Input data Start Marker

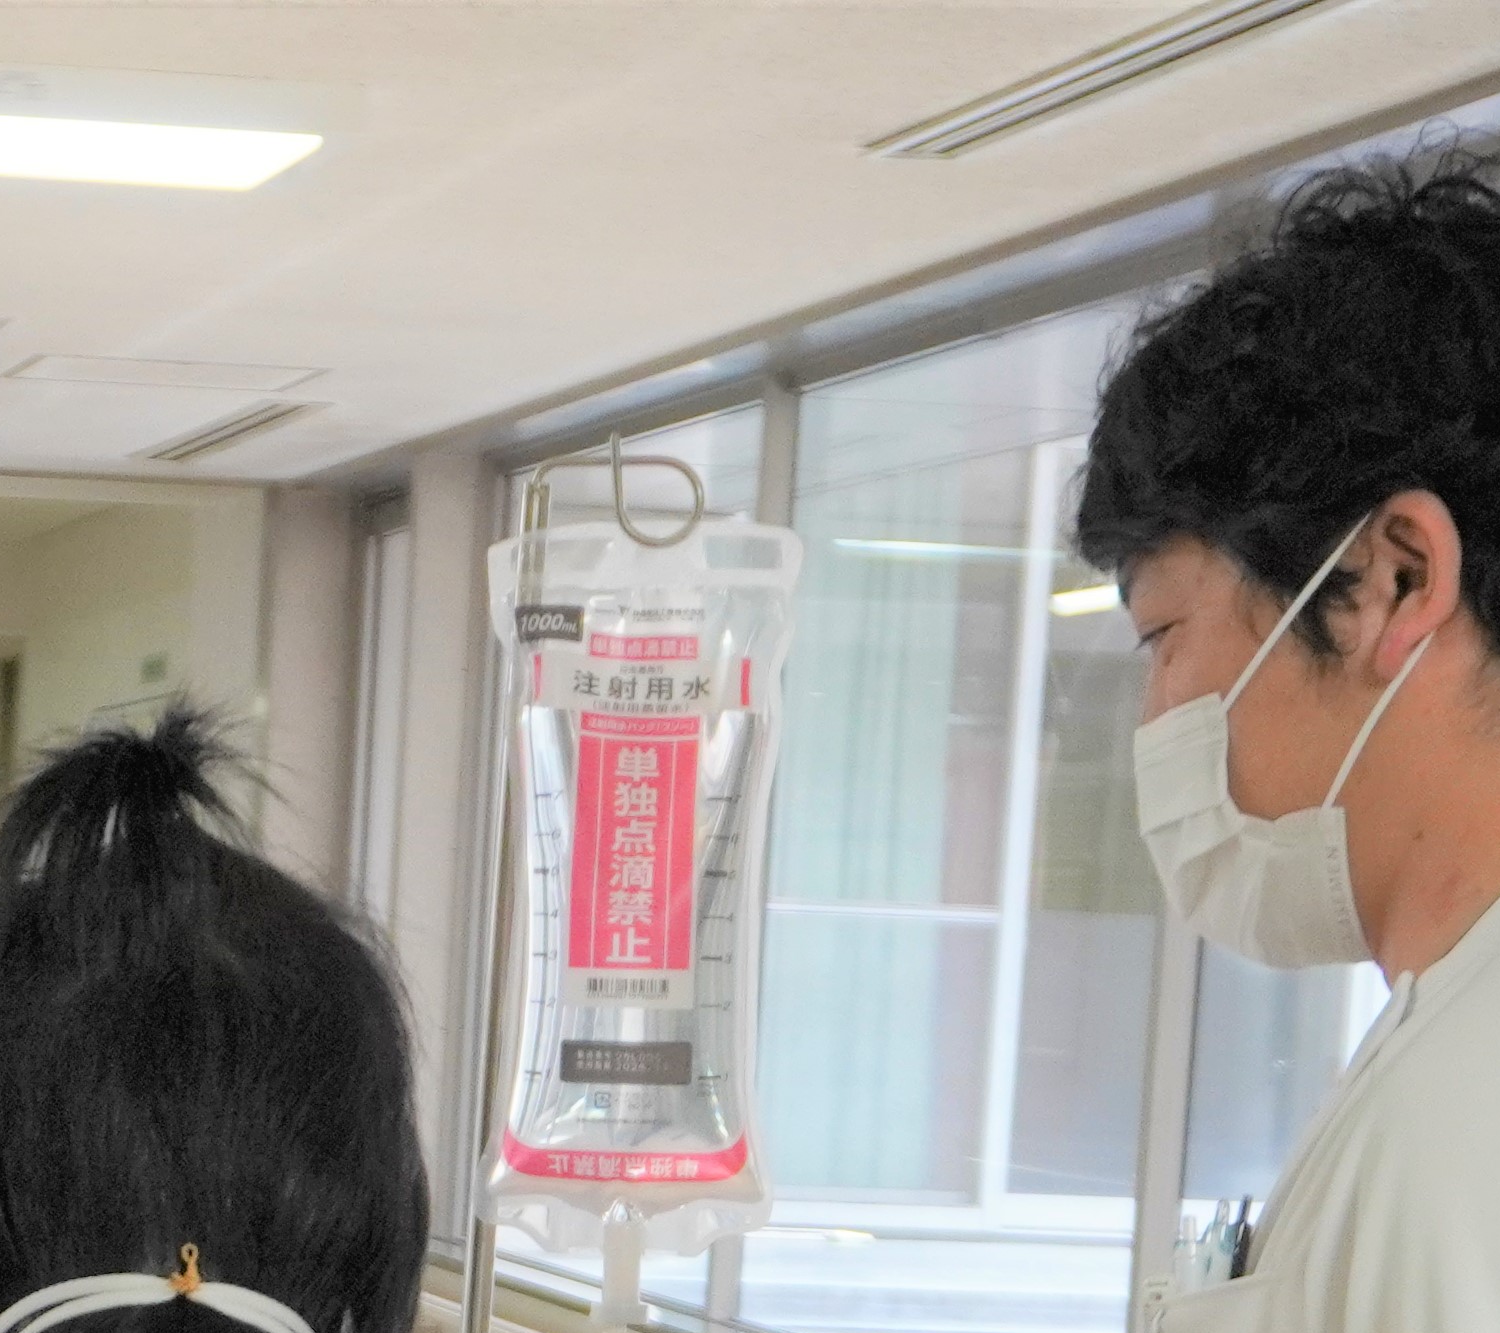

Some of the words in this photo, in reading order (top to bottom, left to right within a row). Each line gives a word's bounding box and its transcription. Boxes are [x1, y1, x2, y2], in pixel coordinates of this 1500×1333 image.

[521, 613, 577, 634] 1000mL
[573, 669, 711, 701] 注射用水
[606, 748, 659, 964] 単独点滴禁止
[547, 1153, 700, 1179] 単独点滴禁止

Input data End Marker

> What to produce
Repeat each record exactly as shown above, dropping all images.

> Response to the exercise
Some of the words in this photo, in reading order (top to bottom, left to right within a row). Each line gives a word's bounding box and its transcription. Boxes are [x1, y1, x2, y2], in pixel coordinates of this 1500×1333 image.

[521, 613, 577, 634] 1000mL
[573, 669, 711, 701] 注射用水
[606, 748, 659, 964] 単独点滴禁止
[547, 1153, 700, 1179] 単独点滴禁止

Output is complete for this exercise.